What is the difference between dividend rate and dividend yield? ›

While dividend yield refers to the percentage of the current stock price of a company paid out as dividend over a year, dividend rate is the amount of money that company pays to its shareholders as dividends on per-share basis.

How much dividend on 1 million? ›

Stocks in the S&P 500 index currently yield about 1.5% on aggregate. That means, if you have $1 million invested in a mutual fund or exchange-traded fund that tracks the index, you could expect annual dividend income of about $15,000.

What is a dividend yield example? ›

For example, if a stock trades for $100 per share today and the company's annualized dividend is $5 per share, the dividend yield is 5%. The formula is: annualized dividend divided by share price equals yield. In this case, $5 divided by $100 equals 5%.

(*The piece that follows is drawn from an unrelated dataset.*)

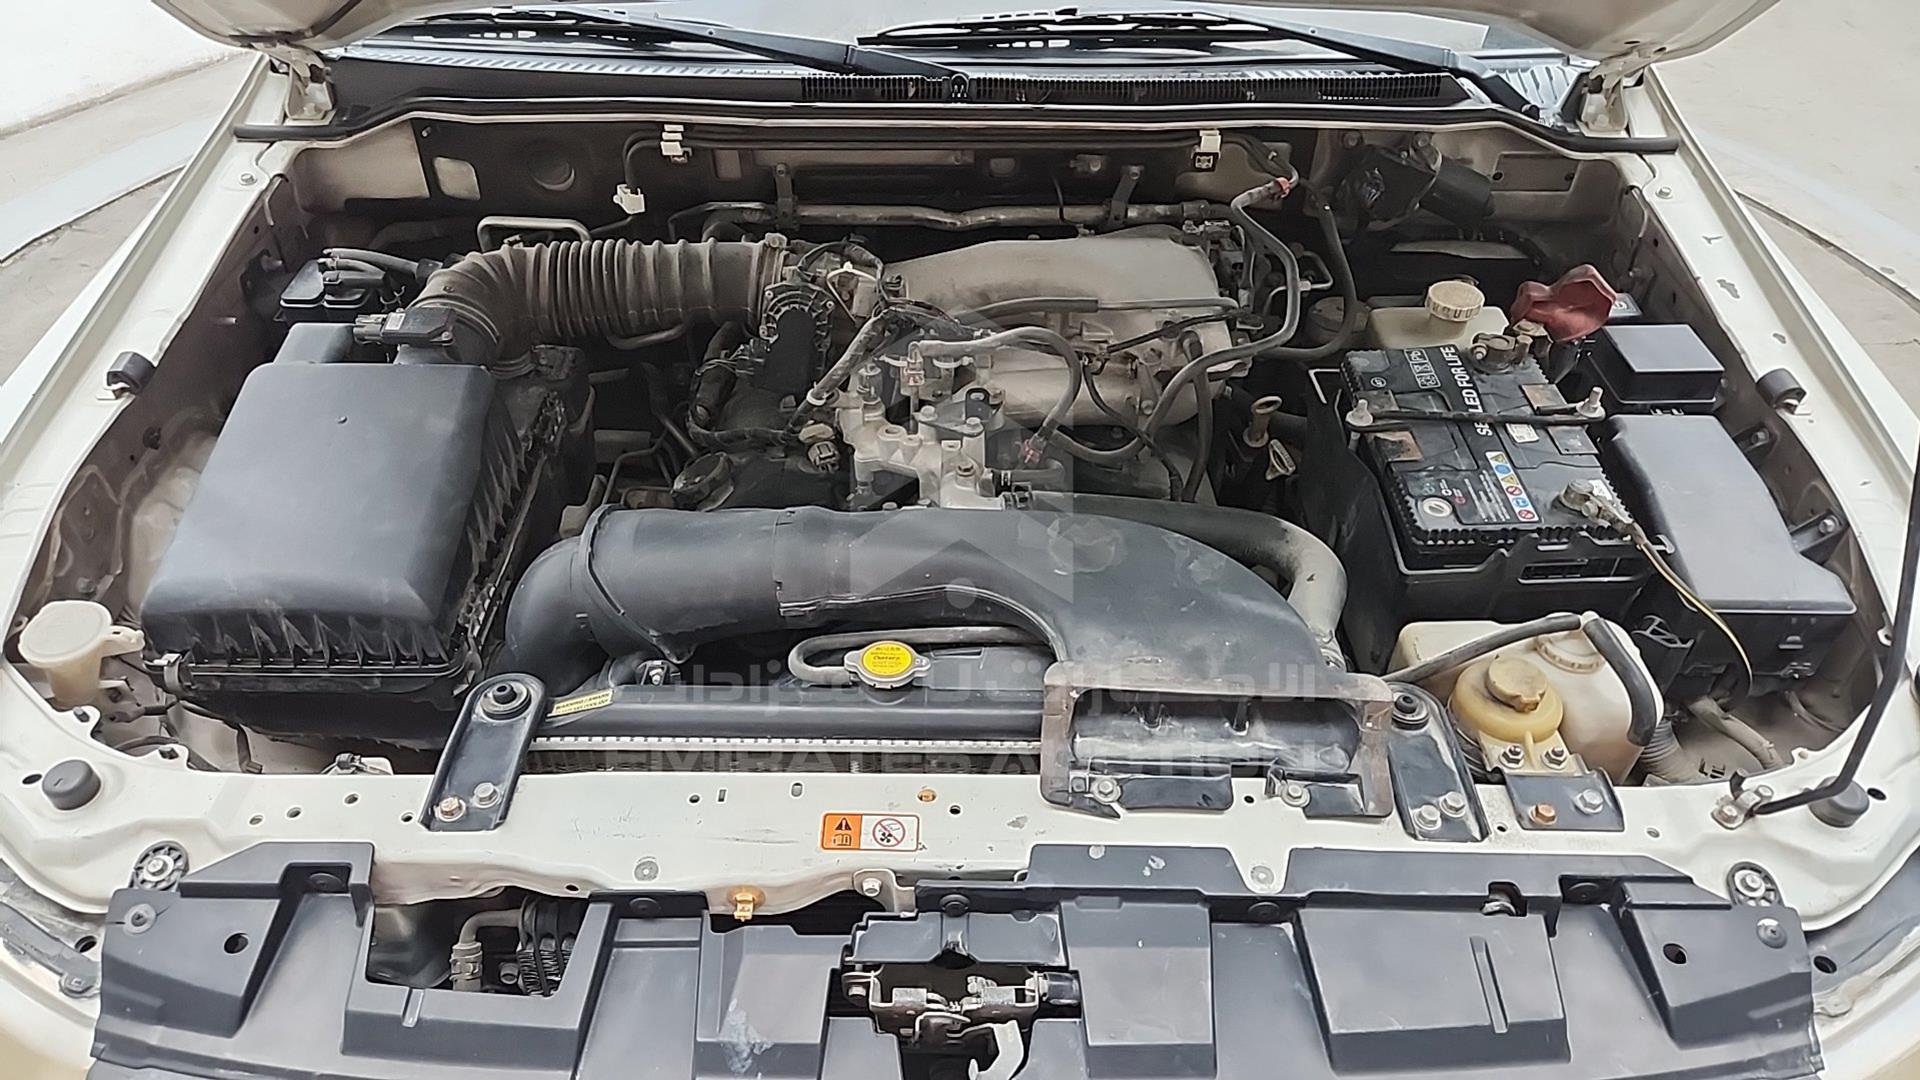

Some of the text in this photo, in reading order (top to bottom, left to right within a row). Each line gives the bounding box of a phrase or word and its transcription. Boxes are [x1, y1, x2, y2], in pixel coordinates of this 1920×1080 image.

[1439, 345, 1493, 437] SELED FOR LIFE

How to make 3k a month in dividends? ›

A well-constructed dividend portfolio could potentially yield anywhere from 2% to 8% per year. This means that to earn $3,000 monthly from dividend stocks, the required initial investment could range from $450,000 to $1.8 million, depending on the yield.

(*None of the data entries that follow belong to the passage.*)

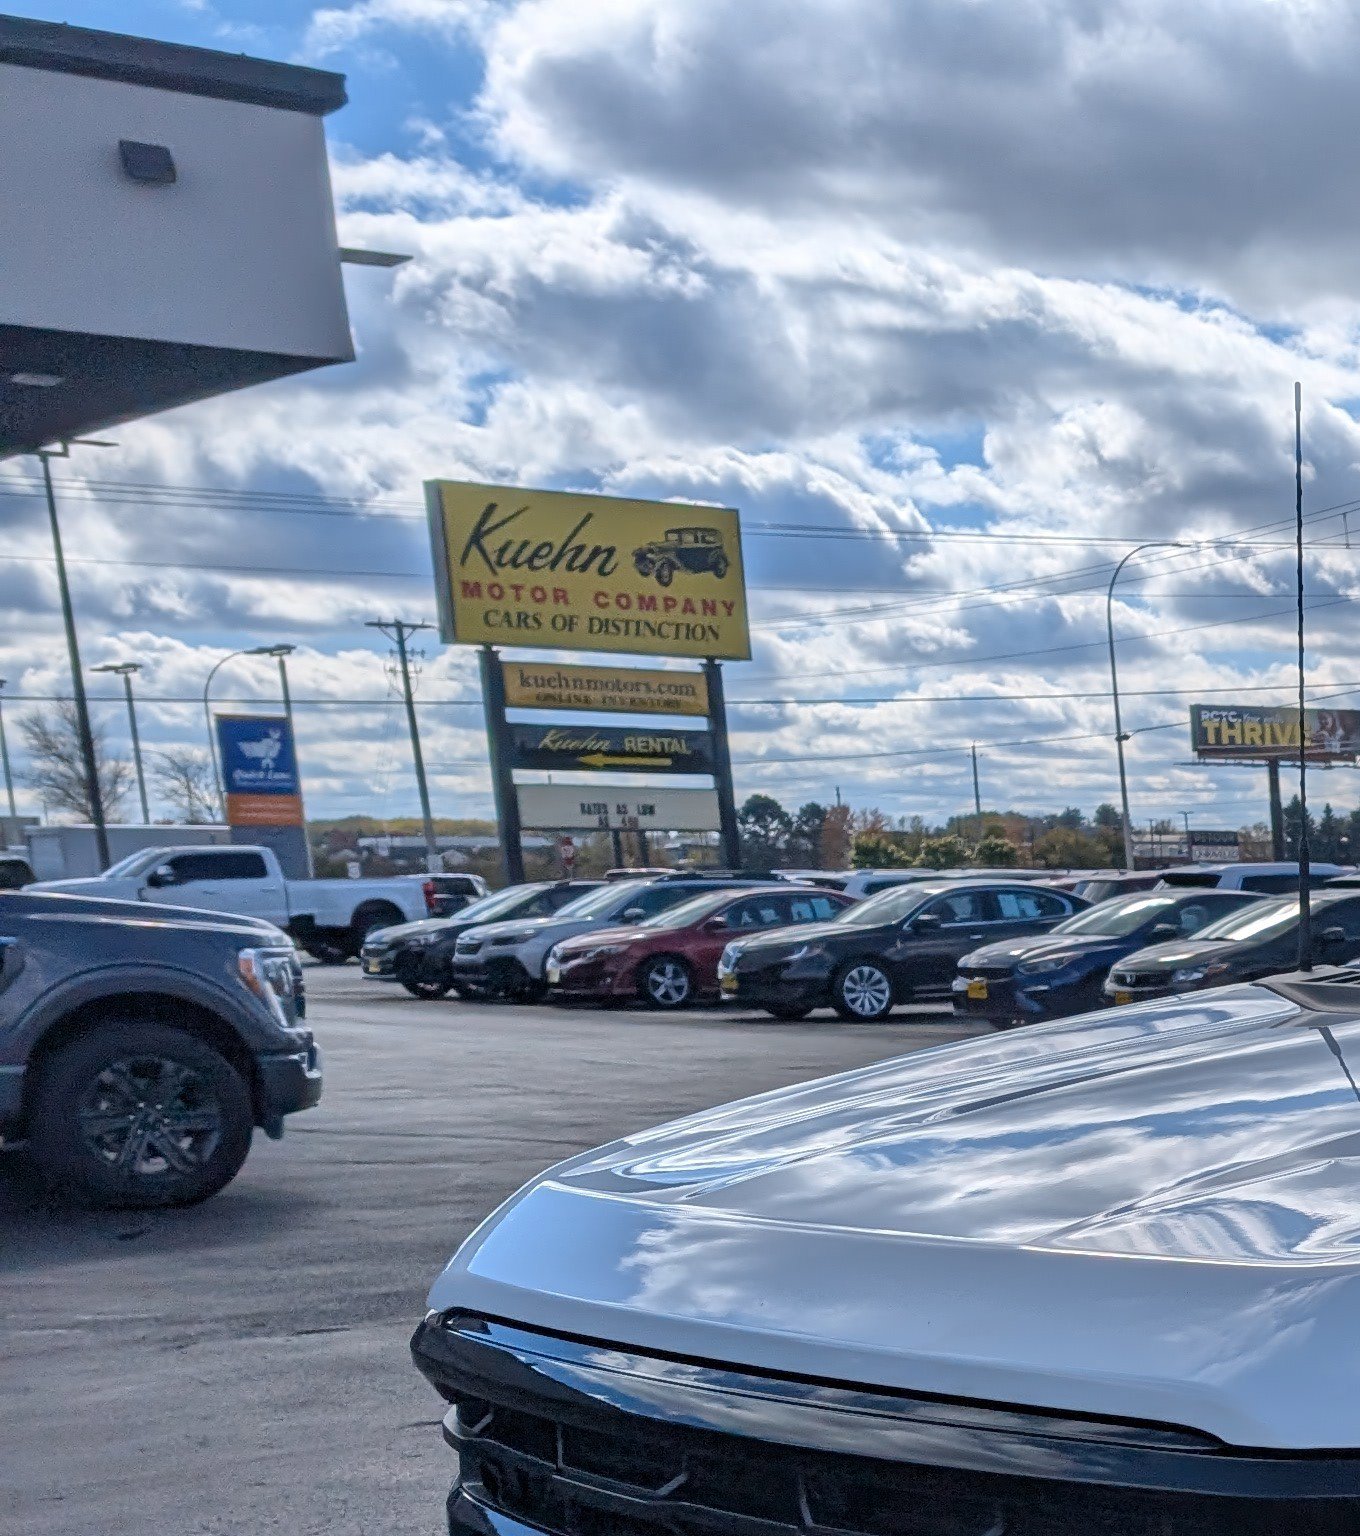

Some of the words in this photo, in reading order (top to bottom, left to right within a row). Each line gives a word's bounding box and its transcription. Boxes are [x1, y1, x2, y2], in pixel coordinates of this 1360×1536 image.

[460, 502, 619, 577] Kuehn
[460, 579, 571, 606] MOTOR
[592, 590, 736, 618] COMPANY
[482, 608, 542, 631] CARS
[550, 613, 580, 633] OF
[587, 616, 721, 642] DISTINCTION
[518, 669, 697, 697] kuehnmotors.com
[538, 728, 612, 751] Kuehn
[623, 735, 692, 755] RENTAL
[1200, 718, 1314, 747] THRIVE

How do I make $500 a month in dividends? ›

Dividend-paying Stocks

Shares of public companies that split profits with shareholders by paying cash dividends yield between 2% and 6% a year. With that in mind, putting $250,000 into low-yielding dividend stocks or $83,333 into high-yielding shares will get your $500 a month.

How much does Warren Buffett make in dividends from Coca-Cola? ›

A massive passive income stream

Berkshire currently owns 400 million shares of Coca-Cola. This means that on an annualized basis, Warren Buffett's company generates $736 million in dividend income from the beverage giant. That is a huge passive income stream that likely explains why Buffett isn't exiting the position.

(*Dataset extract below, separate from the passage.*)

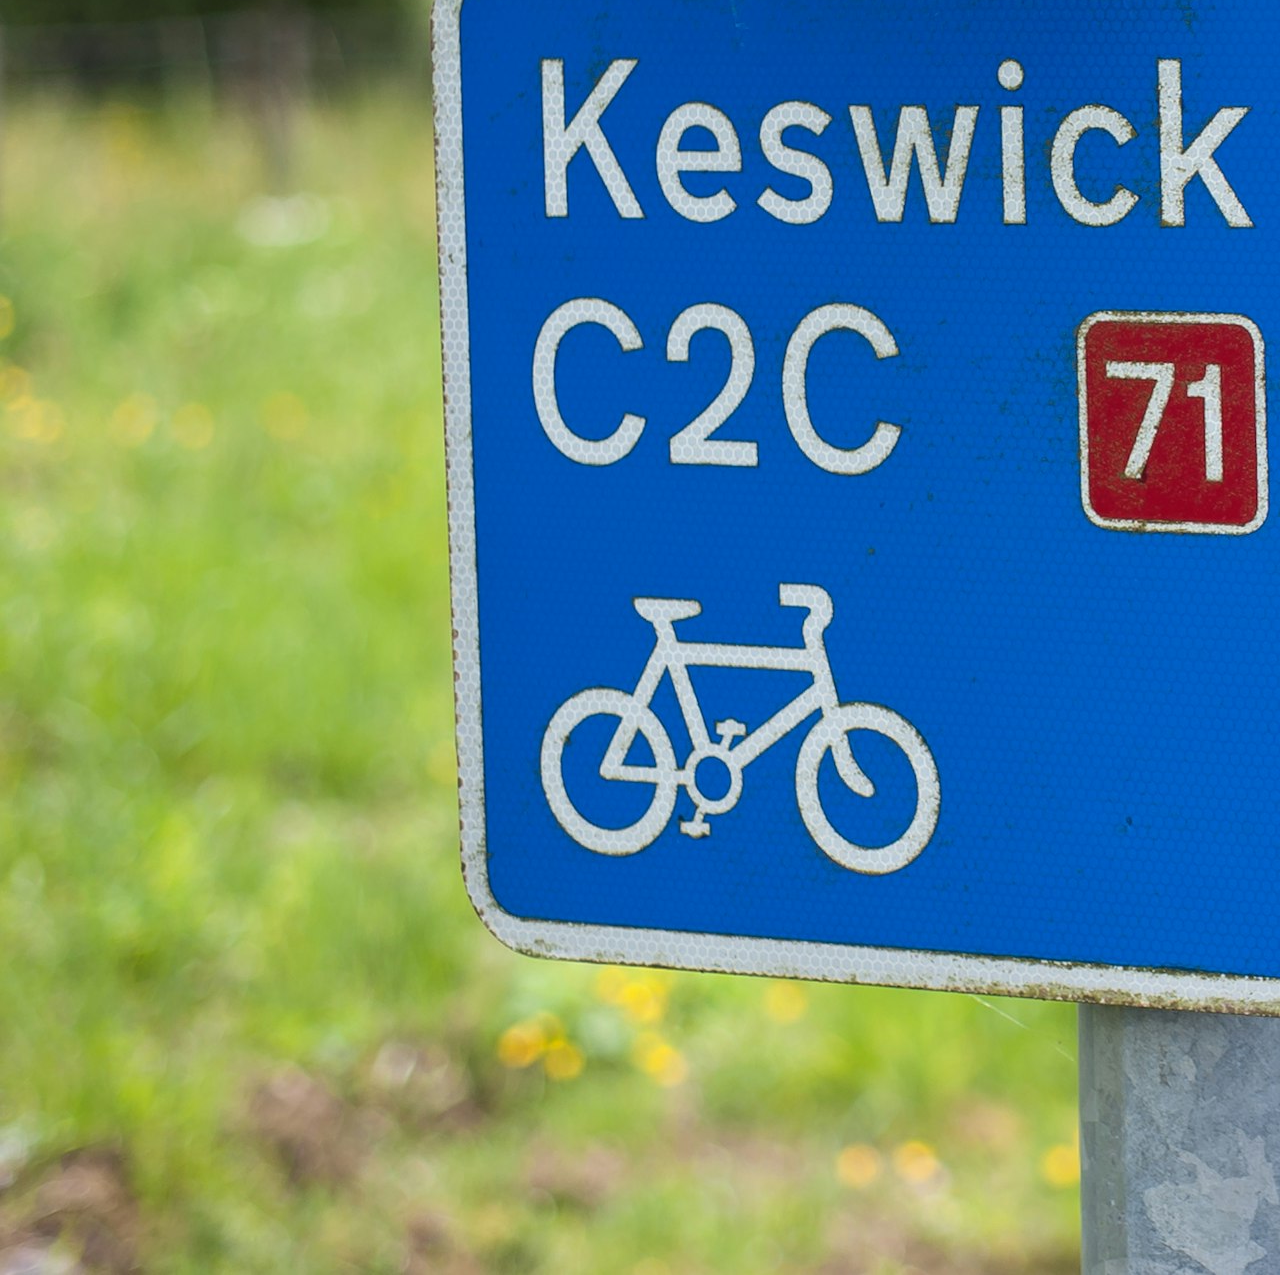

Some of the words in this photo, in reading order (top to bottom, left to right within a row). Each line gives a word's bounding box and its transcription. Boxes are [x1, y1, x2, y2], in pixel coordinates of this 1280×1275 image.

Can you live off dividends? ›

Living off dividends is a financial strategy that appeals to those aiming for a reliable income stream without tapping into their investment principal. This approach has intrigued many investors, from early-career individuals to those nearing retirement.

What is the best dividend stock of all time? ›

Some of the best dividend stocks include Johnson & Johnson (NYSE:JNJ), The Procter & Gamble Company (NYSE:PG), and AbbVie Inc (NYSE:ABBV) with impressive track records of dividend growth and strong balance sheets.

Do you pay taxes on dividends? ›

Dividends can be classified either as ordinary or qualified. Whereas ordinary dividends are taxable as ordinary income, qualified dividends that meet certain requirements are taxed at lower capital gain rates.

What is a 5% dividend yield? ›

For example, if a stock trades for $100 per share today and the company's annualized dividend is $5 per share, the dividend yield is 5%. The formula is: annualized dividend divided by share price equals yield. In this case, $5 divided by $100 equals 5%.

What is a 3% dividend? ›

For example, a stock trading at $100 per share and paying a $3 dividend would have a 3% dividend yield, giving you 3 cents in income for each dollar you invest at the $100 share price.

What is a 3.0 dividend yield? ›

For example, let's say a dividend stock pays a $1.00 per-share dividend and the stock price is $30.00. That gives it a 3.0% dividend yield. So if the company hikes the dividend to $1.20, the investor will make 20% more in income.

Is a dividend yield of 2.5% good? ›

Dividend yield is a percentage figure calculated by dividing the total annual dividend payments, per share, by the current share price of the stock. From 2% to 6% is considered a good dividend yield, but a number of factors can influence whether a higher or lower payout suggests a stock is a good investment.

Top Articles
Latest Posts
Article information

Author: Kareem Mueller DO

Last Updated:

Views: 6823

Rating: 4.6 / 5 (46 voted)

Reviews: 85% of readers found this page helpful

Author information

Name: Kareem Mueller DO

Birthday: 1997-01-04

Address: Apt. 156 12935 Runolfsdottir Mission, Greenfort, MN 74384-6749

Phone: +16704982844747

Job: Corporate Administration Planner

Hobby: Mountain biking, Jewelry making, Stone skipping, Lacemaking, Knife making, Scrapbooking, Letterboxing

Introduction: My name is Kareem Mueller DO, I am a vivacious, super, thoughtful, excited, handsome, beautiful, combative person who loves writing and wants to share my knowledge and understanding with you.